§ **WORK INSTRUCTIONS**
Reproduce the records without their pictures, keeping every word as it is.

§ **MATERIAL FOR THIS TASK**
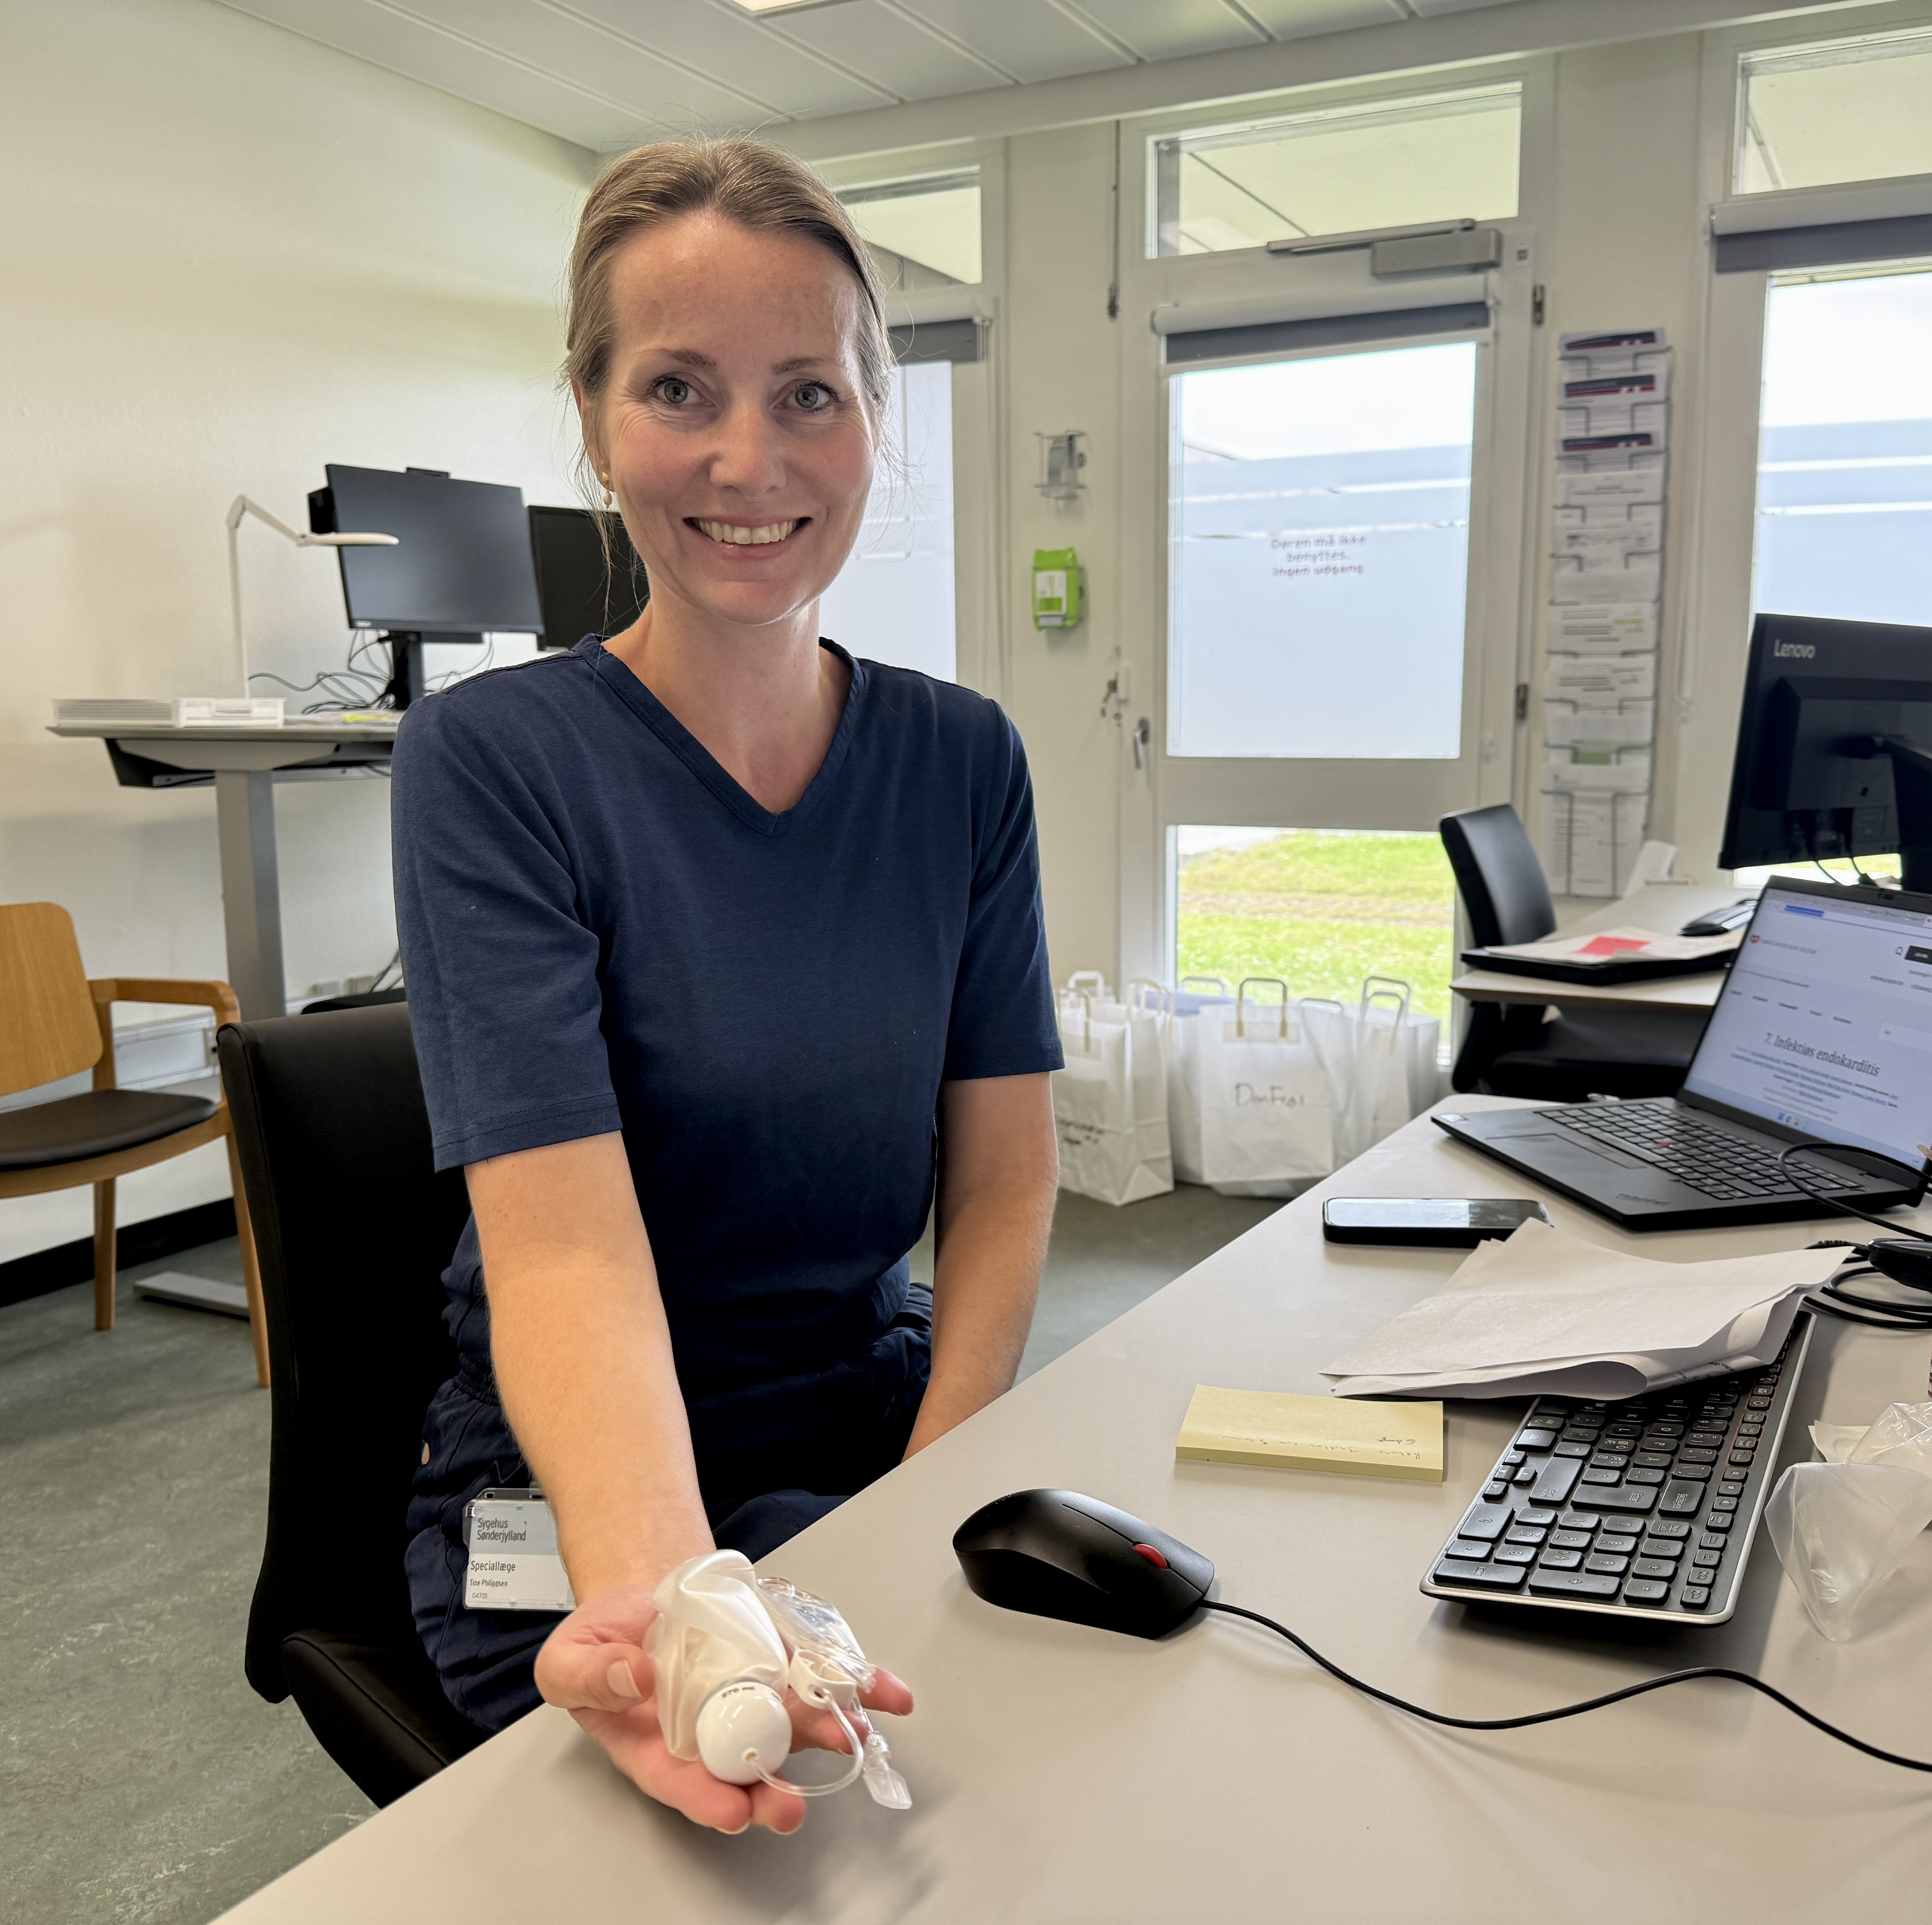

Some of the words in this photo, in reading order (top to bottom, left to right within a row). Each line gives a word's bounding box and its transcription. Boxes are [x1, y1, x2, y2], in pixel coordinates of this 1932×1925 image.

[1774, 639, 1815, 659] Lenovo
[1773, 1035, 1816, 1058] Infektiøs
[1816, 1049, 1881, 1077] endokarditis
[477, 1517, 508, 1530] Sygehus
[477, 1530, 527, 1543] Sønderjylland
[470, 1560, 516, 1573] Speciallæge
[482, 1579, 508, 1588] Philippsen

§ **RESPONSE BELOW**
Some of the words in this photo, in reading order (top to bottom, left to right within a row). Each line gives a word's bounding box and its transcription. Boxes are [x1, y1, x2, y2], in pixel coordinates of this 1932×1925 image.

[1774, 639, 1815, 659] Lenovo
[1773, 1035, 1816, 1058] Infektiøs
[1816, 1049, 1881, 1077] endokarditis
[477, 1517, 508, 1530] Sygehus
[477, 1530, 527, 1543] Sønderjylland
[470, 1560, 516, 1573] Speciallæge
[482, 1579, 508, 1588] Philippsen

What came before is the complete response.